Los niños no pueden tomar agua del lago, dice la vendedora, llévale unas botellas. Les digo que no, no, no tengo más plata,que viajo con poco dinero y que estoy pagando por el arroz lo mismo que por cinco noches en el hostal, que yo no soy como los otros visitantes, aunque para ellos eso no signifique nada importante o sea esa, precisamente, la razón por la que estoy obligada a hacer lo que me piden.

No sé si Sinn está enojado o se hace el ofendido porque no compro más cosas. Sé que en ese momento percibí su hostilidad con un acto específico que hoy no distingo entre tanto recuerdo: quizás echó a andar la lancha sin esperar a que terminara de subirme. De pronto no me tendió la mano.
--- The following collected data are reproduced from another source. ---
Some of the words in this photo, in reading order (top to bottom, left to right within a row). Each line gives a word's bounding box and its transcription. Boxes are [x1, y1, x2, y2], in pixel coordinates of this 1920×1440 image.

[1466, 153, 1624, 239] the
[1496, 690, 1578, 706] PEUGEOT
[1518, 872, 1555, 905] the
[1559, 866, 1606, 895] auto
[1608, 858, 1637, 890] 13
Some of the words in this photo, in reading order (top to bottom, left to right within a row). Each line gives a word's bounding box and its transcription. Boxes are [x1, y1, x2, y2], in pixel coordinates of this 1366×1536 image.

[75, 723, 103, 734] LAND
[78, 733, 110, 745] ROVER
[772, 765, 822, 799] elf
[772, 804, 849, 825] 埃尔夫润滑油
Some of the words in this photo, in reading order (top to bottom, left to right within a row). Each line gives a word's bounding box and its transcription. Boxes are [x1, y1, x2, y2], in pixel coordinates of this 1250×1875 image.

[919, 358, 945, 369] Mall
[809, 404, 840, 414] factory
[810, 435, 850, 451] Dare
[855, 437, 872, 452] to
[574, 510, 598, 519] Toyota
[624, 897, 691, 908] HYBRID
O tan sólo es que en el fondo tengo un alma acomodada que exige ciertas cortesías que no fueron concedidas a tiempo. Soy lo que temo ser, es probable. Qué hace la clase, sino gritar.

-Ahora puedes entrar a la sala de clases, pasarles el saco de arroz y sacarte fotos con los niños.
-No, no importa, no quiero entrar. Pásales el arroz y volvamos.
-Es que tienes que dárselos tú. Deben agradecerte, así que bájate.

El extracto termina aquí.